Doctor en casa - Alimentación

Los lácteos en la nutrición

La leche es de los pocos alimentos con macronutrimentos equilibrados: proteínas, grasas y carbohidratos

Los diferentes patrones de alimentación tienen como objetivo principal alcanzar y mantener un peso saludable no solo para sentir más comodidad con la imagen corporal, sino prevenir o mejorar padecimientos asociados con el sobrepeso y obesidad.

Hay diversas maneras de lograr este objetivo y la evidencia científica está a favor de aquellos que proponen cambios en los hábitos de alimentación, que se puedan mantener de manera más fácil a lo largo del tiempo.

Las dietas que proponen horarios específicos de consumo o la eliminación drástica de uno o más grupos de alimentos o que obligan al consumo de ciertos alimentos, no son las más recomendables porque resultan difíciles de mantener y de lograr, incluso a la larga pueden provocar algunas deficiencias nutrimentales o afectaciones más graves a la salud.
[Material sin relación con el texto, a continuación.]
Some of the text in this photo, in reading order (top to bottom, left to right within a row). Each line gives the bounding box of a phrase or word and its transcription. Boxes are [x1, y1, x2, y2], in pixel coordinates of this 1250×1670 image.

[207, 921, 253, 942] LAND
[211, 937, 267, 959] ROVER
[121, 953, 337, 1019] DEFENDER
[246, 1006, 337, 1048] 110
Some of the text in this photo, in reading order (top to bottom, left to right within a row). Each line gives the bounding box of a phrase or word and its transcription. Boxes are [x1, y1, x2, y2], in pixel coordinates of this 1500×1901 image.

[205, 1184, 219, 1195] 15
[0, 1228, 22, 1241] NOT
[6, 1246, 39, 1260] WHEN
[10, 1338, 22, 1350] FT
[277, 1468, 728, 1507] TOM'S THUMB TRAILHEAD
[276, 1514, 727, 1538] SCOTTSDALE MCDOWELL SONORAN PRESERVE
LOS LÁCTEOS SE ADAPTAN A TODO TIPO DE DIETAS

Hay que destacar que los lácteos aparecen en la mayor parte de las dietas de manera específica y es debido a su alta densidad nutrimental, pues contienen proteínas de alto valor biológico, grasa, lactosa, calcio, fósforo, potasio, vitaminas A y D, B6 y B2, entre otros.

Por este motivo, los expertos recomiendan consumir de dos a tres raciones diarias de leche y/o productos lácteos, dependiendo de la edad, la actividad física, el estado fisiológico y en el marco de una dieta moderada, equilibrada y de calidad nutrimental.

Cada ración equivale a un vaso de leche de 250 ml, 2 yoghurts, 125 g de queso fresco, 30 g de queso semicurado o 20 g de queso curado, como ejemplos.

La leche es de los pocos alimentos que tienen cantidades significativas y equilibradas de los tres macronutrimentos: proteínas, grasas e hidratos de carbono, por lo que muchos expertos la consideran un alimento completo.

A lo largo de todas las etapas de la vida los lácteos tienen aportaciones importantes a la dieta particularmente en aquellas en donde las demandas de energía, proteínas, vitaminas, calcio y otros minerales son mayores, tal es el caso de la infancia, la adolescencia, el embarazo y la lactancia, así como la adultez mayor.

Además, por su composición variable en agua, lactosa, grasa, proteínas, vitaminas y minerales, los productos lácteos se adaptan muy bien a todo tipo de dietas y personas con distintos requerimientos nutricionales.

SIMILITUDES

Es importante resaltar que muchas de las opciones abordadas comparten recomendaciones similares y que pudieran considerarse como elementos de una alimentación saludable:

  • Consumir muchas verduras y frutas, preferentemente más de verduras que frutas.
  • Favorecer el consumo de cereales integrales y leguminosas.
  • Darle preferencia a las grasas de origen vegetal frente a las de origen animal.
  • Tener como primera opción carnes magras, es decir, con menor contenido de grasa, como serían pescados, pollo y pavo sin piel y cortes de res y cerdo en menor cantidad.
  • Incluir diariamente al menos dos raciones de leche y sus derivados dando preferencia a sus presentaciones con menor contenido de grasa, siempre y cuando se considere la etapa de la vida y condiciones individuales.